Suriye’ye karşı savaş çığırtkanlığı yapanlar ve Ortadoğu’da İslam liderliğine oynayanlar, Avrupa ve Amerika’nın onları kışkırtmalarından caymaları üzerine, Suriye’de dinci fanatik gruplara yaptıkları yardımın ortaya çıkmasından korkuyorlar.

Okullar açılırken ortaöğretim yönetmeliği değiştiriliyor.
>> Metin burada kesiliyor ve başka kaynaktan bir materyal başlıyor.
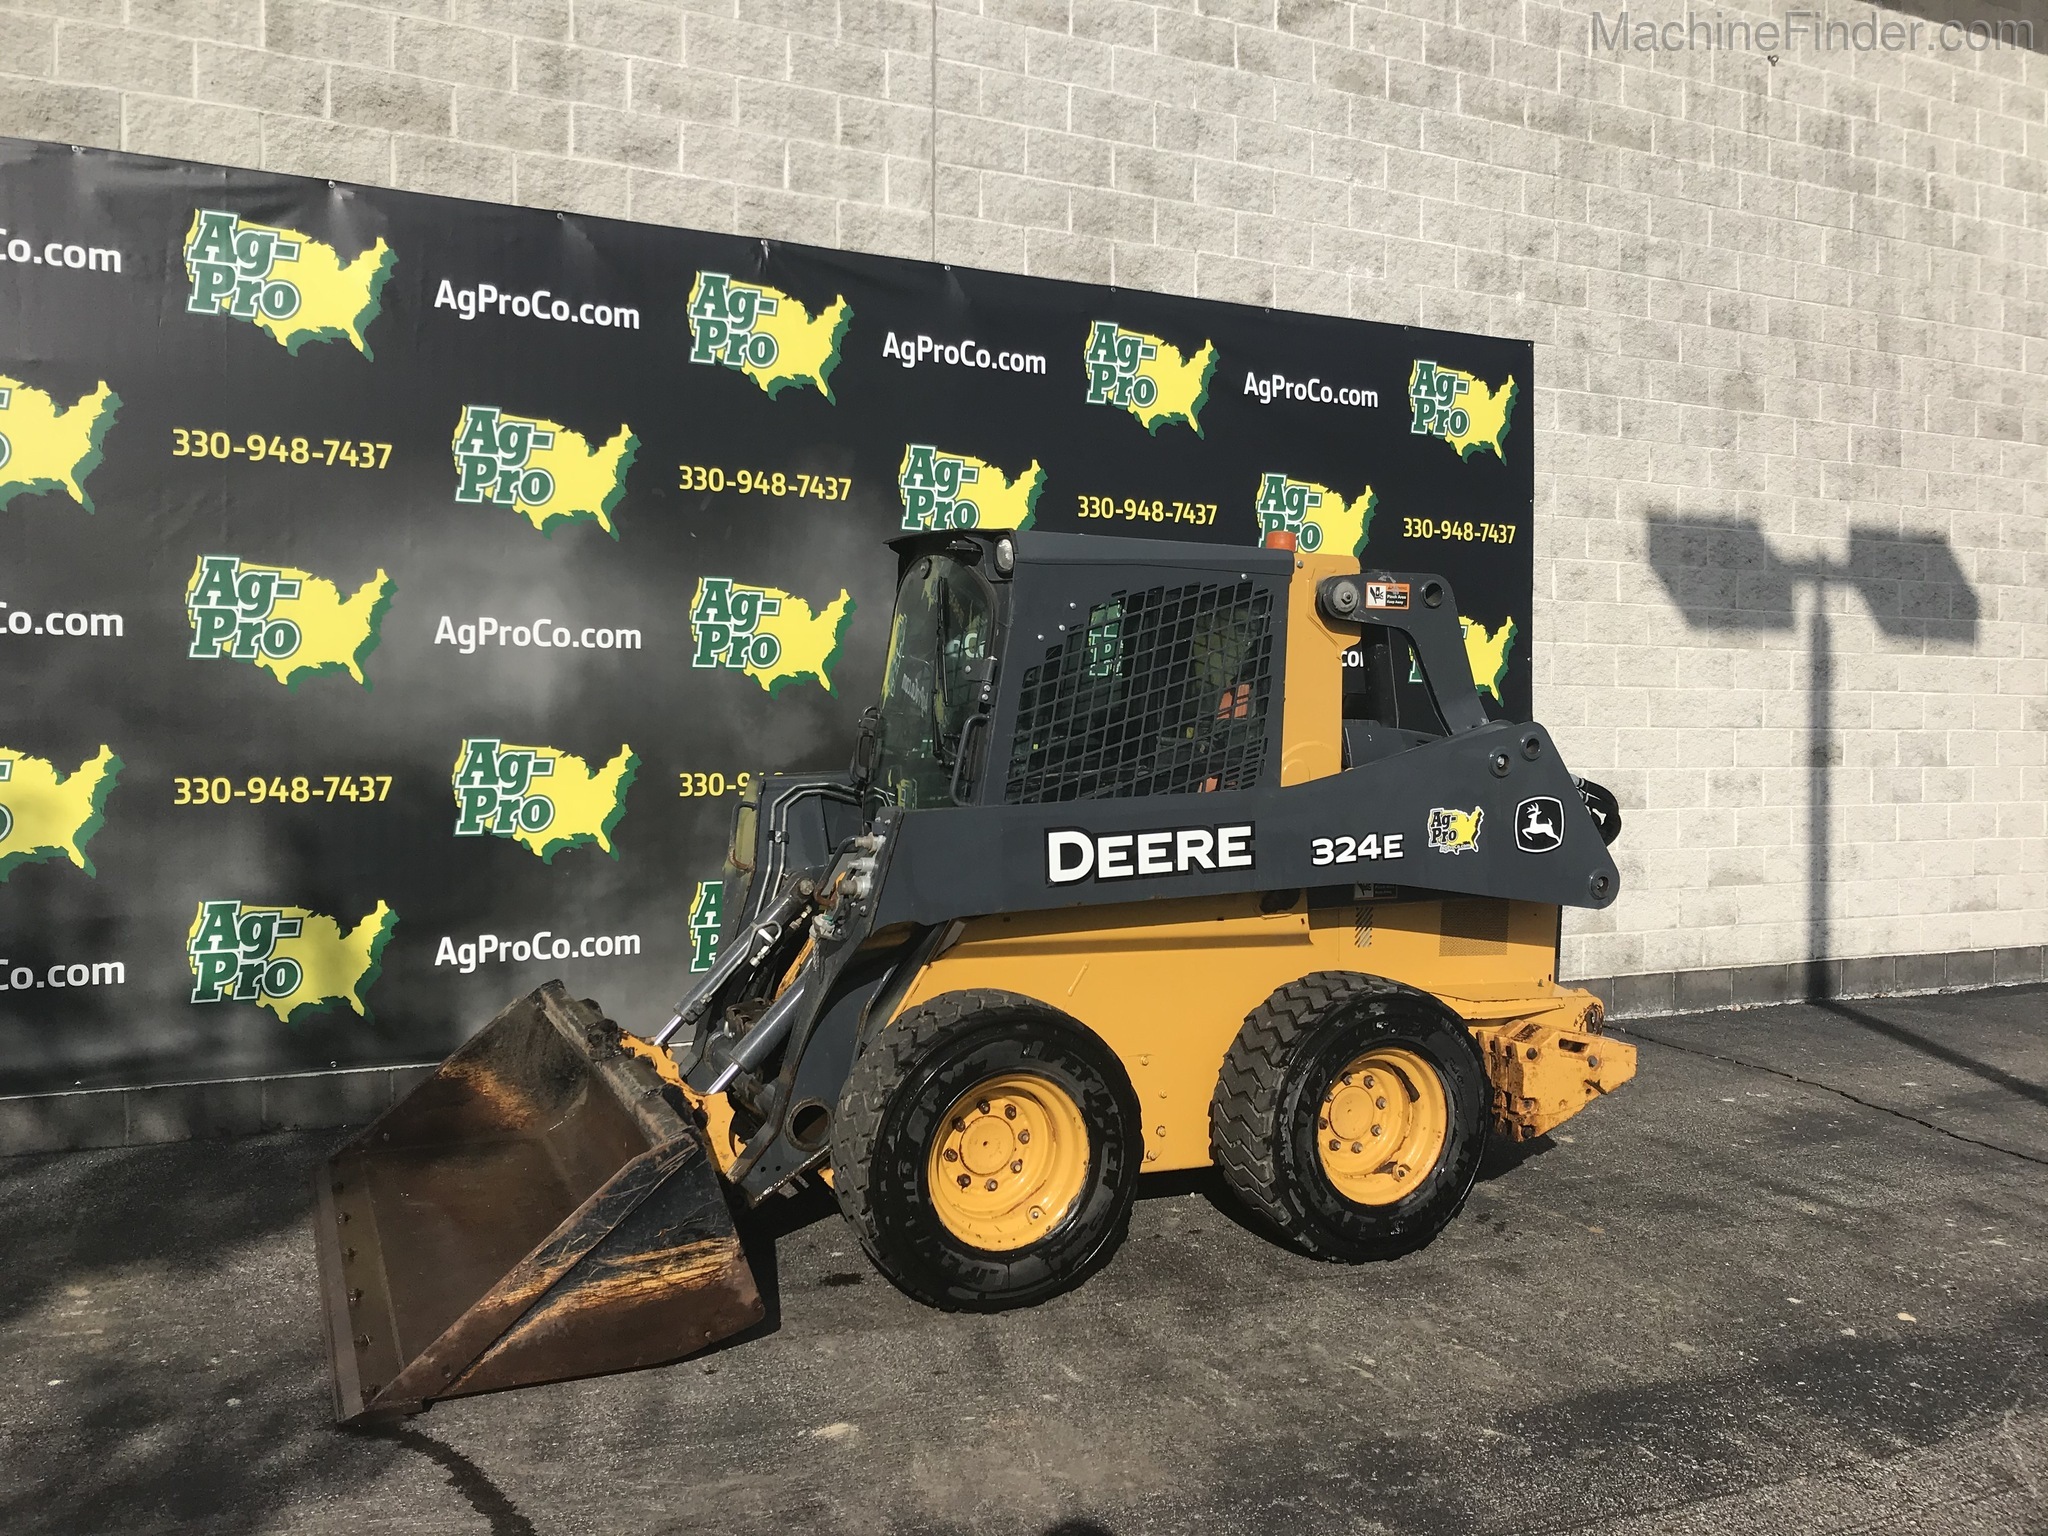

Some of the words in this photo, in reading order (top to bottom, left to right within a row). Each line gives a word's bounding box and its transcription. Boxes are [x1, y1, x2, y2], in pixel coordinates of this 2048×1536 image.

[187, 209, 300, 278] Ag-
[187, 261, 301, 320] Pro
[433, 279, 640, 330] AgProCo.com
[690, 271, 778, 331] Ag-
[689, 319, 779, 367] Pro
[882, 331, 1046, 375] AgProCo.com
[1086, 321, 1157, 374] Ag-
[1086, 363, 1157, 407] Pro
[1243, 371, 1379, 408] AgProCo.com
[1411, 360, 1469, 408] Ag-
[455, 406, 555, 467] Ag-
[1410, 397, 1470, 437] Pro
[172, 428, 393, 469] 330-948-7437
[901, 444, 979, 499] Ag-
[455, 454, 555, 505] Pro
[679, 465, 852, 501] 330-948-7437
[1258, 473, 1322, 527] Ag-
[901, 487, 980, 530] Pro
[1078, 495, 1218, 525] 330-948-7437
[1403, 517, 1517, 544] 330-948-7437
[189, 556, 302, 620] Ag-
[693, 577, 781, 637] Ag-
[188, 607, 302, 659] Pro
[433, 615, 643, 655] AgProCo.com
[692, 623, 781, 668] Pro
[174, 775, 394, 805] 330-948-7437
[455, 739, 555, 796] Ag-
[454, 786, 555, 835] Pro
[1431, 810, 1458, 830] Ag-
[1047, 825, 1252, 884] DEERE
[1311, 833, 1404, 866] 324E
[1431, 828, 1458, 844] Pro
[190, 900, 303, 961] Ag-
[434, 931, 641, 974] AgProCo.com
[190, 951, 303, 1003] Pro
Korkudan, eski yönetmelikte yer alan, “öğrencilerde araştırma, sorgulama, eleştirel düşünme, problem çözme ve karar verme becerilerinin gelişmesi” ile ilgili ifadeye, yeni yönetmelikte yer verilmiyor.

Gençlerin boş zaman bulup kendilerini geliştirmelerinden korktuklarından, yılda bir kez yapılan sınav yerine yılda 12 kez yapılacak sınav getiriyorlar. Gençlerden korktuklarından, karma eğitime de karşı çıkıyorlar, gençlerin bir arada olmalarına da. Korkudan, bir kente konuşma ya da açılış yapmaya gitmeden önce, gençleri gözaltına alıyorlar.

AKP-cemaat dalaşının ortaya döktüğü kirliliğin ya da (perde arkasında olup bitenlerin su yüzüne çıkmasından doğan) aydınlığın, AKP’de yeni korkular yarattığı anlaşılıyor. AKP, 2014 yılına, kendi atadığı polisten ve kendi kadrolarını oluşturduğu yargıdan korkarak giriyor. Kendi elleriyle bakan yaptıklarının, üst makamlara getirdiklerinin, kaynak aktarıp zengin ettiklerinin, hatta kendi çocuklarının yolsuzluğa karışmış olabilecekleri korkusu yaşanıyor. AKP’den her istifa edenin, AKP’liler arasında yarattığı sarsıntıdan korkuluyor her an bir milletvekilinin daha istifa etmesinden de, istifa edenlerin AKP’yi suçlamasında da.

Korkudan bir gecede yönetmelik değiştiriliyor kadrolaştıkları Danıştay bile bu yönetmeliğin işlerliğini durdurunca, korkuları daha da artıyor. Korkudan polise de saldırılıyor, yargıya da, yolsuzluklara tepki gösterenlere de.

Korkudan, hırslarına hakim olamayıp olmayacak şeyler söylemekten de korkuyorlar. Korkunun ecele faydası olmuyor: “Ben hem yürütmeyim hem de yargıyım” deyiveriyorlar. Bu söylemin diktatörlüğü çağrıştırdığını düşününce korkuları daha da artıyor savcıya akıl-almaz şeyler de söylüyorlar, HSYK’ya da laf atıyorlar korku dayanılmaz boyutlara çıkıyor.

Korku dağları bekliyor. İktidarı yitirmekte olduklarını görmekten korkuyorlar. Cami duvarında siyaset yapmak, korkunun nelere kadir olduğunu gösteriyor. Bu korkuların AKP’yi 2014’te bitireceği ve bu bitişin mutlu yılların muştası olacağı belli oluyor.